When employees are harassed, it is not always the supervisor who is the harasser. But when an employee is harassed, when is the employer liable to compensate the employee who was harassed and in what instances is the employer not liable under Federal Law?
The Supreme Court of the United States (SCOTUS) clarified this on June 24, 2013. The answer to this questions depends largely on the status of the harasser. If the harasser is a supervisor, only then is the employer is strictly liable–that is the employer is liable whether or not it knew or should have known about the harassment; however, if the harasser is a co-worker then the standard which determines whether the employer is liable through vicarious liability is negligence; that is, the employer is only liable if the employer knew or should have known about the harassment.

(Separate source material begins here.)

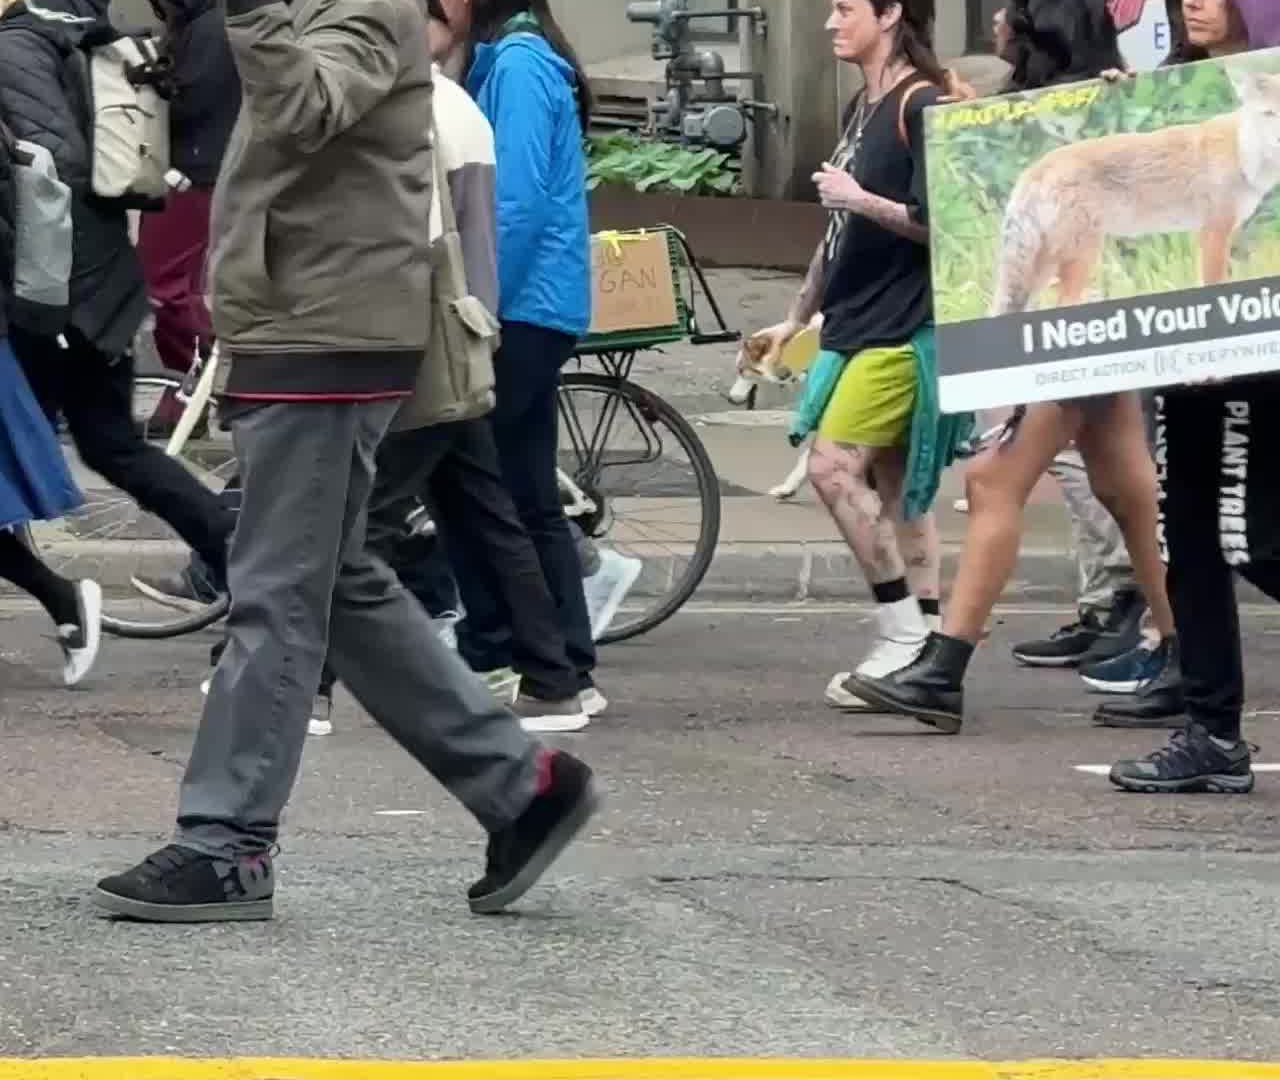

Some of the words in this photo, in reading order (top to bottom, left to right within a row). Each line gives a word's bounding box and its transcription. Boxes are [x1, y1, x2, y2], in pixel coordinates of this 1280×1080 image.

This of course begs the question, who is a supervisor?
SCOTUS stated that for the purposes of vicarious liability for the employer where an employee is harassed, a supervisor can only be one who is empowered by the employer to take tangible employment actions against the employee who is being harassed. Therefore, if the harasser is not empowered by the employer to take the aforementioned action against the employee, then the employer can only be liable if the employer knew or should have known about the harassment.
What does this mean for you? If you are being harassed by a co-worker and your employer, then you may want to inform your employer of such harassment otherwise your employer may not be liable to compensate you for damages. It will also give your employer to do the right thing and protect you from illegal harassment.